The chemical signaling pathways which orchestrate lung cell responses in hypertensive pulmonary vascular disease are poorly understood. The present study examined temporal alterations in lung basic Fibroblast Growth Factor (bFGF) in a well characterized rat model of monocrotaline (MCT)-induced pulmonary hypertension. By immunohistochemical analysis, there were progressive increases in bFGF in airway, vascular and gas exchange regions of MCT-treated rat lungs. Increases in bFGF preceded the onset of right ventricular hypertrophy at day 21 after MCT administration.
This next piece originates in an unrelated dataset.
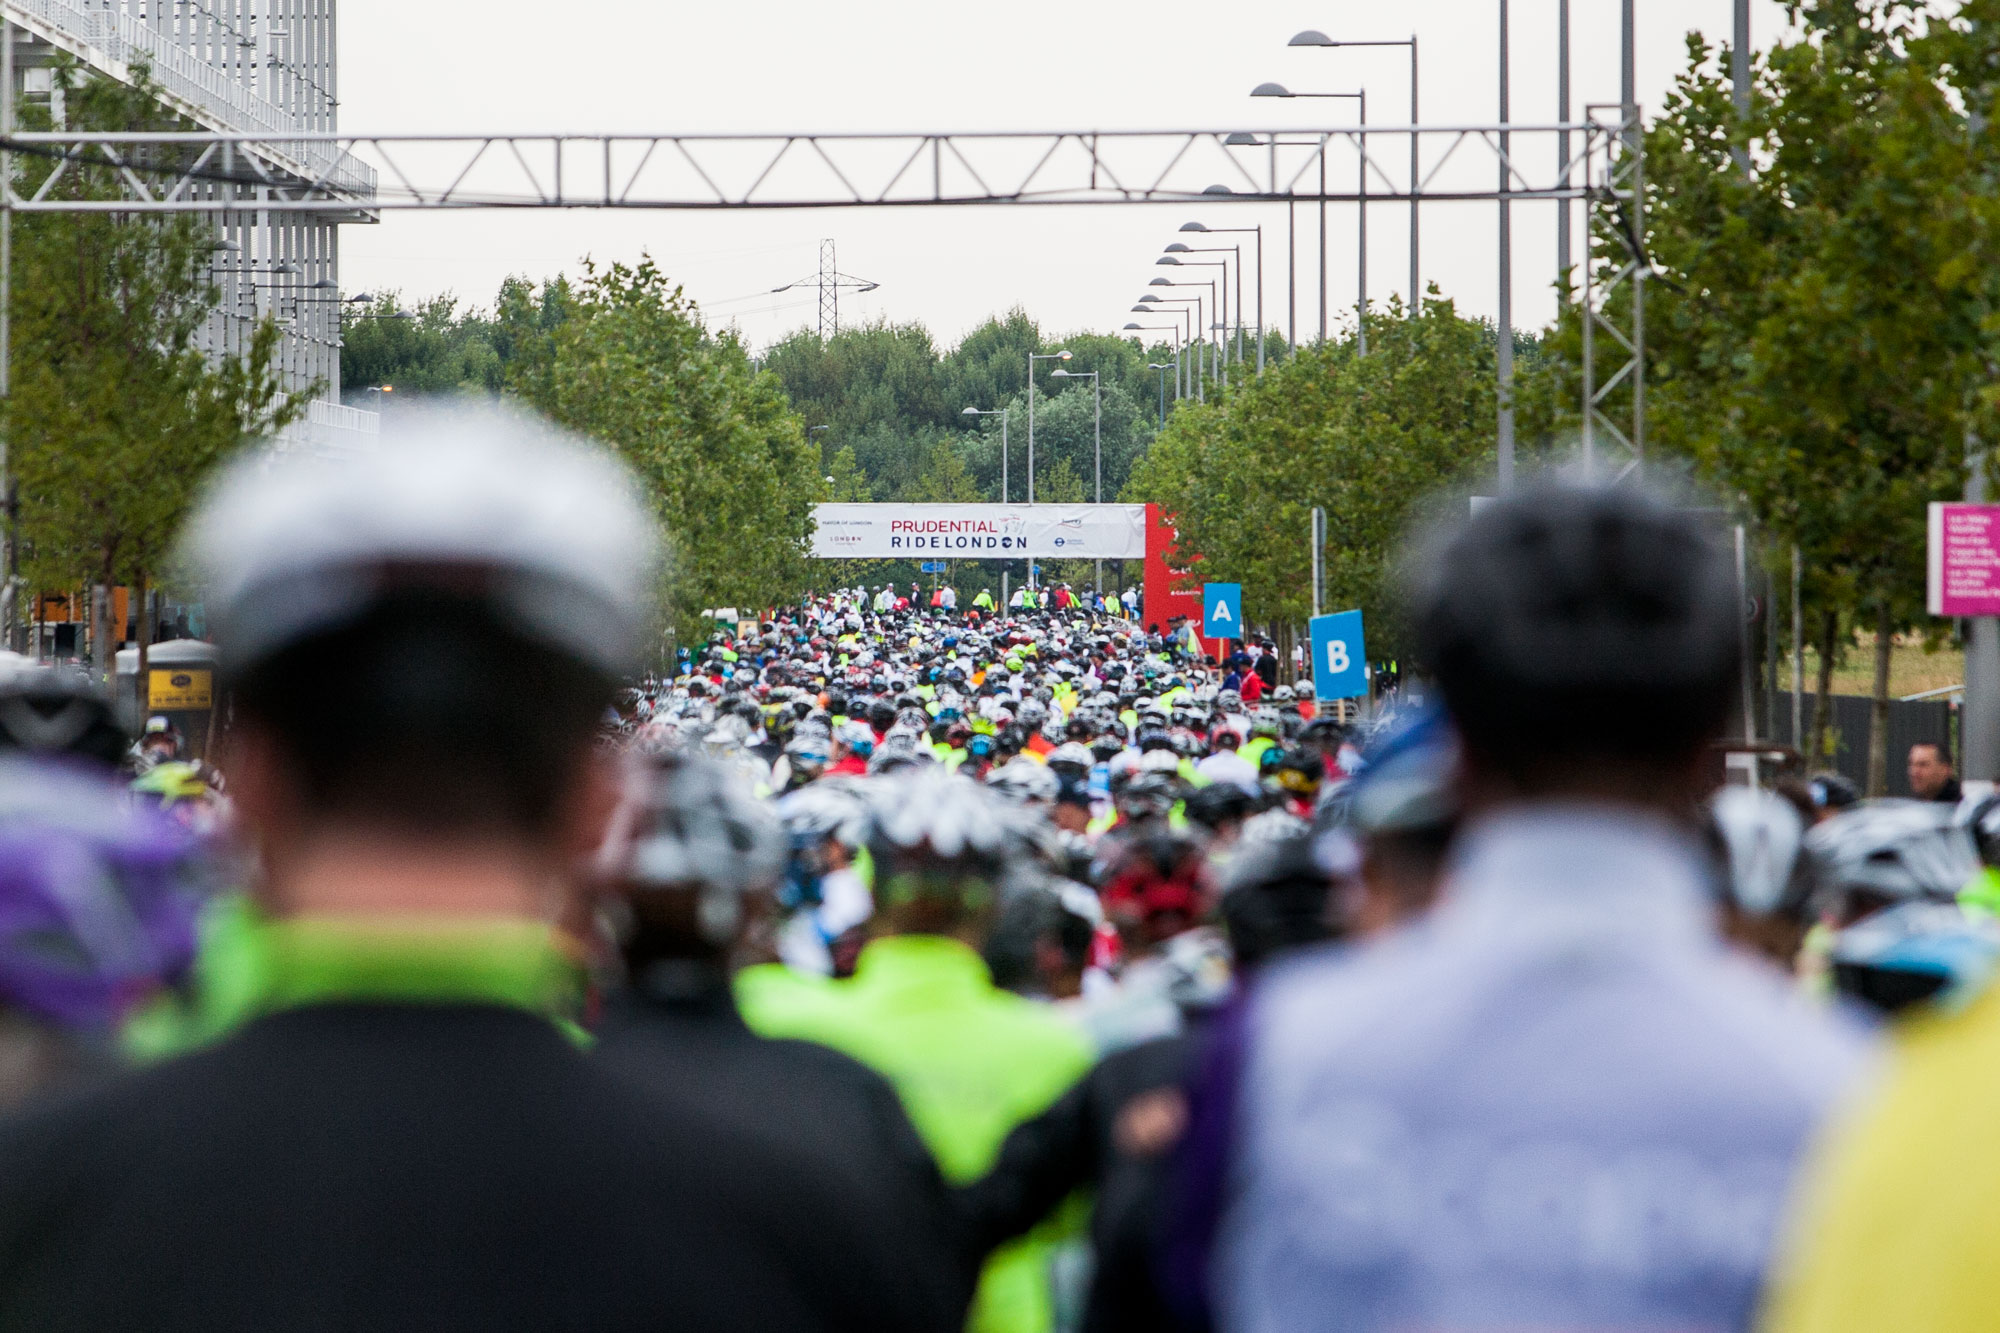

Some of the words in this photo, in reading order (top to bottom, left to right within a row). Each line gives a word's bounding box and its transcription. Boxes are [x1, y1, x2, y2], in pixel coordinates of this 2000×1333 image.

[891, 520, 998, 533] PRUDENTIAL
[891, 536, 1027, 549] RIDELONDON
[1212, 600, 1232, 622] A
[1327, 639, 1350, 674] B
Enhanced bFGF immunostaining was observed as early as day 4 in focal areas of the parenchyma, and by day 14 there was enhanced bFGF staining in alveolar macrophages, neutrophils and alveolar septa, which persisted through day 21. In conducting airways, there was elevated bFGF immunostaining in the smooth muscle cell (SMC) layer by days 4 and 7 and in the ciliated epithelium and its basement membrane at days 14 and 21. Cells morphologically similar to Clara cells in the luminal surfaces of bronchioles stained intensely on days 14 and 21. In the nucleus and cytoplasm of medial SMCs within pulmonary arteries, there was a progressive increase in bFGF staining starting at day 4. Lung bFGF mRNA was increased slightly at days 1, 4 and 7, while lung bFGF protein, as judged by western blot analysis, was increased at days 14 and 21 compared to controls. The present results, considered in teh light of teh documented roles of bFGF in vascular cell migration, growth and synthesis of extracellular matrix components, suggest that bFGF may contribute to the structural remodeling processes underlying the development of chronic pulmonary hypertension in MCT-treated rats.